Der Feminismus als Weg zu einer gleichberechtigten Gesellschaft produziert also ein Verunsicherungsproblem: welche Umgangsformen sind respektvoll und nicht objektivierend gegnüber Frauen? Das wurde vielen Männern erstmal tatsächlich nicht beigebracht, da wir in einer sexistischen Gesellschaft leben. Diese Männer leiden also unter Sexismus, nicht unter Feminismus.

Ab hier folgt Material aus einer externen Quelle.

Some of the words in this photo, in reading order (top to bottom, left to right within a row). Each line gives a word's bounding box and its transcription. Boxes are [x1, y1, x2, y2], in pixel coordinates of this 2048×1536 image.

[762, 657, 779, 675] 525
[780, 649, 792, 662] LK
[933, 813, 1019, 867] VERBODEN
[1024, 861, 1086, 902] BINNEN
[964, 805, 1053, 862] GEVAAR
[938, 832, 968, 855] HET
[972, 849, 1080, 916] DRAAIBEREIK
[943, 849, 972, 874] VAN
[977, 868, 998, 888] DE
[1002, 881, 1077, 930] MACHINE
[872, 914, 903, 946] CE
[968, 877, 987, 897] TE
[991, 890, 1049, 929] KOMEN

Meine Antwort auf die meisten „Wie soll ich denn…?“ – Fragen in Bezug auf Frauen ist „Frag sie!“: Frag: „Kann ich mich neben dich setzen?“ „Darf ich mich zu dir stellen?“ „Darf ich dir ein Kompliment machen?“ „Darf ich dir einen Kaffee mitbringen?“ etc. Diese Fragen schaffen Raum: Raum für „Ja“ und „Nein“. Ganz wichtig ist, dass ein „Nein“ akzeptiert wird.

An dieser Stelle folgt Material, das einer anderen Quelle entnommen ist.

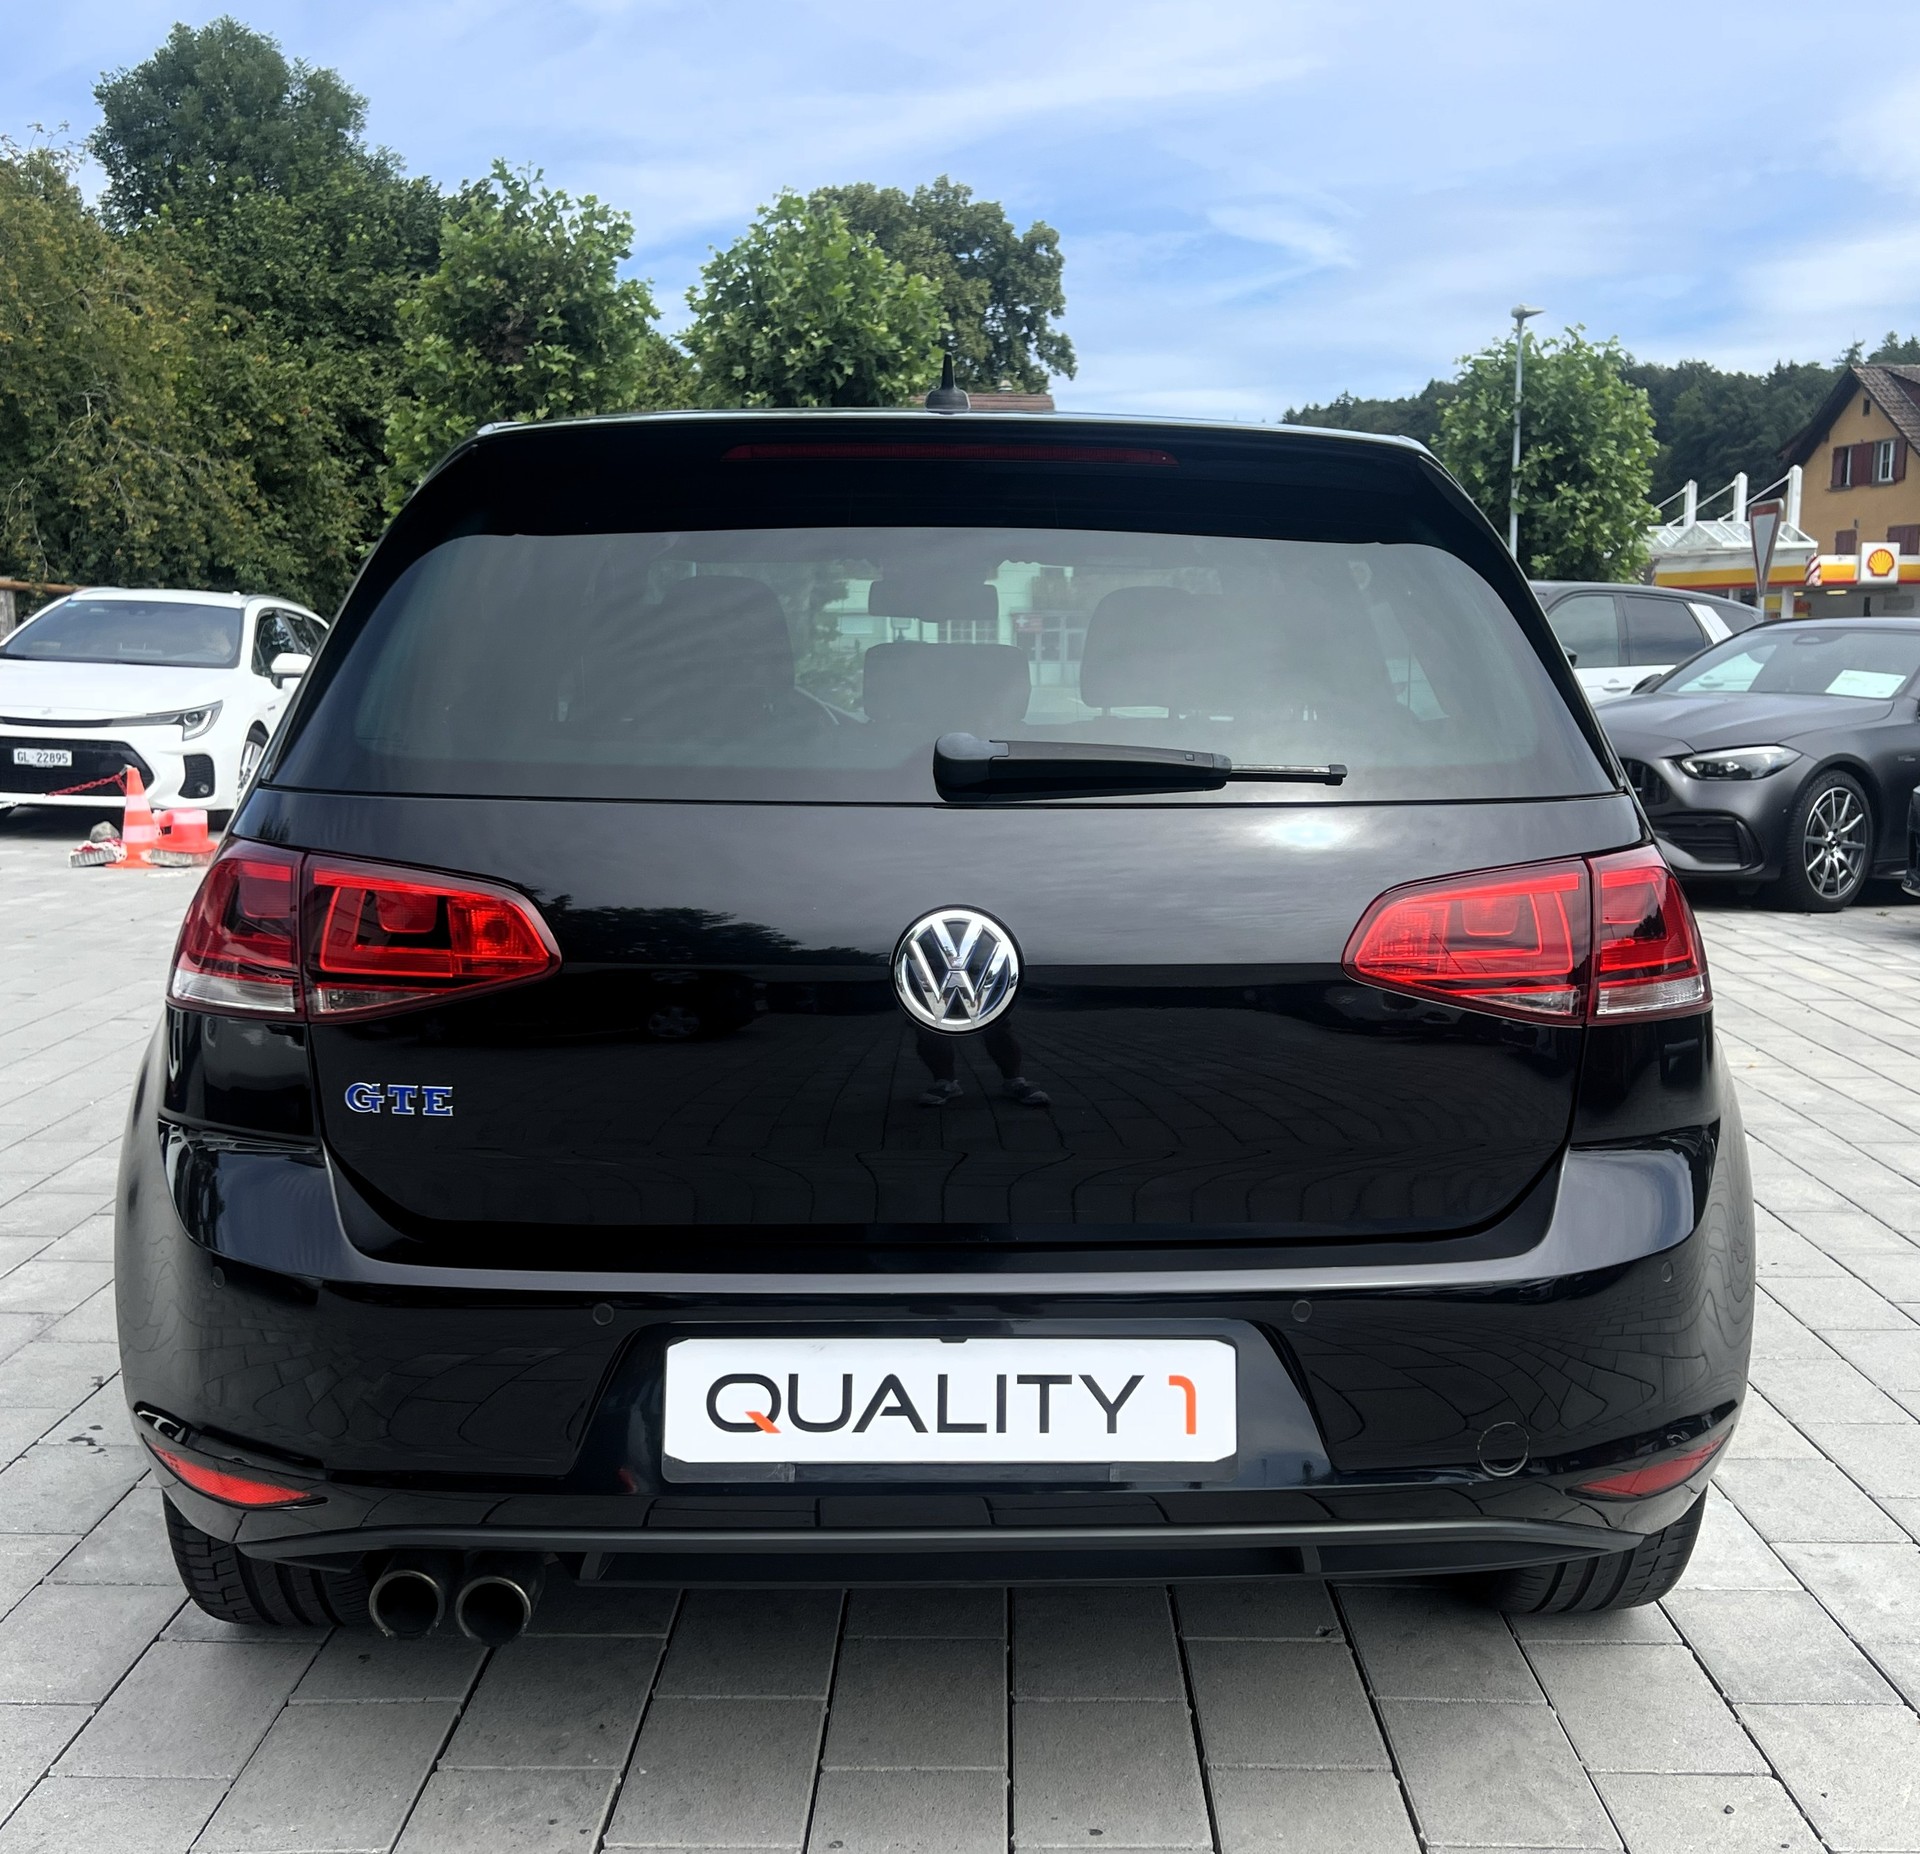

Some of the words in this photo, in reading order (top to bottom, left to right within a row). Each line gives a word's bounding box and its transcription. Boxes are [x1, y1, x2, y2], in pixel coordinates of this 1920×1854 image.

[17, 751, 29, 763] GL
[36, 752, 68, 764] 22895
[894, 910, 1020, 1031] VW
[345, 1082, 454, 1116] GTE
[706, 1373, 1144, 1434] QUALITY
[1168, 1375, 1196, 1434] 1

Und hier wird es spannend:
Ja, es gibt Menschen, die sagen „Ja“ und meinen „Nein“. Das Frauen das anscheinend häufiger machen sollen – wie häufig das ist kann ich nicht sagen, aber ich gehe jetzt mal von Berichten und Erfahrungen aus meinem Umfeld aus – liegt daran, dass es ihnen häufig so beigebracht wurde. Dass ihnen beigebracht wurde nicht „nein“ zu sagen, erst Recht nicht laut, und ganz besonders nicht zu einem Mann oder älteren Menschen. Das ist kein Respekt, den Frauen da gelehrt bekommen, das ist Sexismus. Frauen bekommen in ihrer Sozialisierung nicht „Nein“ gelehrt2. Aber genau dagegen kämpfen und arbeiten viele Frauen und viele Feministinnen. Sich gegenseitig zum Nein ermutigen, Töchter zum Nein ermutigen, Schwestern, Freundinnen etc. Und nicht zum Ja, gezwungen lächeln und eigentlich „Scher dich zur Hölle!“ denken. Frauen versuche da, den in sich sozialisierten Sexismus zu bekämpfen. Es ist nämlich ganz schön krass Dinge in sich zu haben, die sich gegen einen selbst richten.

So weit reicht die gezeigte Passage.